The Bible Bee: Where the Word Becomes Sport

In the glow of a spotlight, a chubby-cheeked 8-year-old with dark, blunt bangs and a slightly upturned nose walks onto the stage and proudly introduces herself. "My name is Olivia Davis and I use the NIV." 

"NIV" is an abbreviation for New International Version, the translation of the Bible that Olivia has been studying for months. She is a finalist in the primary division at the National Bible Bee, taking place at the Marriot Renaissance Hotel in Schaumburg, Illinois. At a judge's prompt, Olivia begins to recite a passage from Corinthians. Speaking in a slurred monotone, she sounds like a groggy third grader reciting the Pledge of Allegiance.
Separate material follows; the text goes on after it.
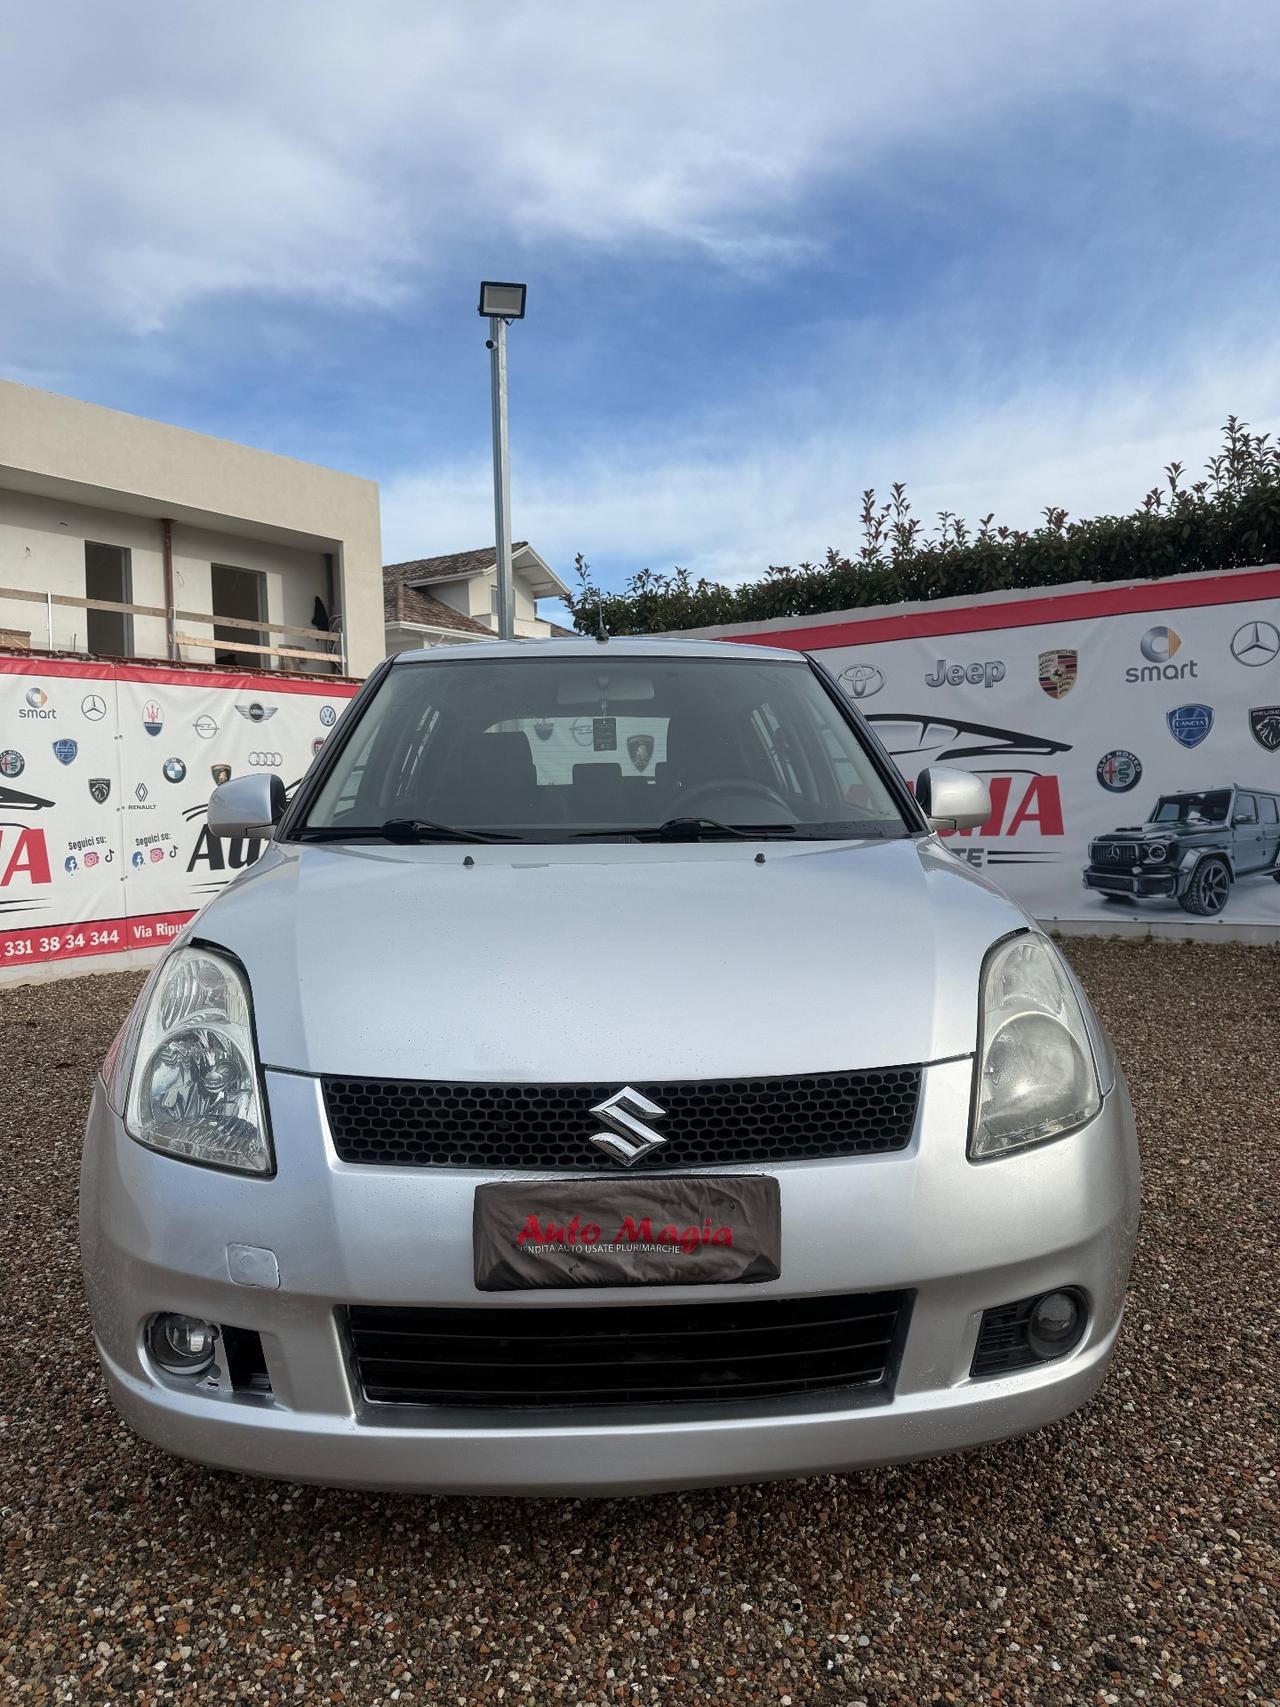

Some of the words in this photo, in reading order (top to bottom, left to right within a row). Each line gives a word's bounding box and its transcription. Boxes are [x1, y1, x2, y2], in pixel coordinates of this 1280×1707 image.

"I wrote to you in my letter not to associate with sexually immoral people-- not at all meaning the people of this world who are immoral, or the greedy and swindlers, or idolaters," says Olivia, her childlike lisp an endearing contrast to all the fire and brimstone. She reaches the end of the passage, then looks anxiously towards the judges from behind her wire-rimmed glasses.

"That is correct," announces the contest moderator. Jubilant, Olivia heads back to her seat on stage right, making sure to give two-handed high-fives to each of four finalists sitting next to her. It will turn out to be a good day for Olivia, who will win her division and be awarded a $25,000 prize.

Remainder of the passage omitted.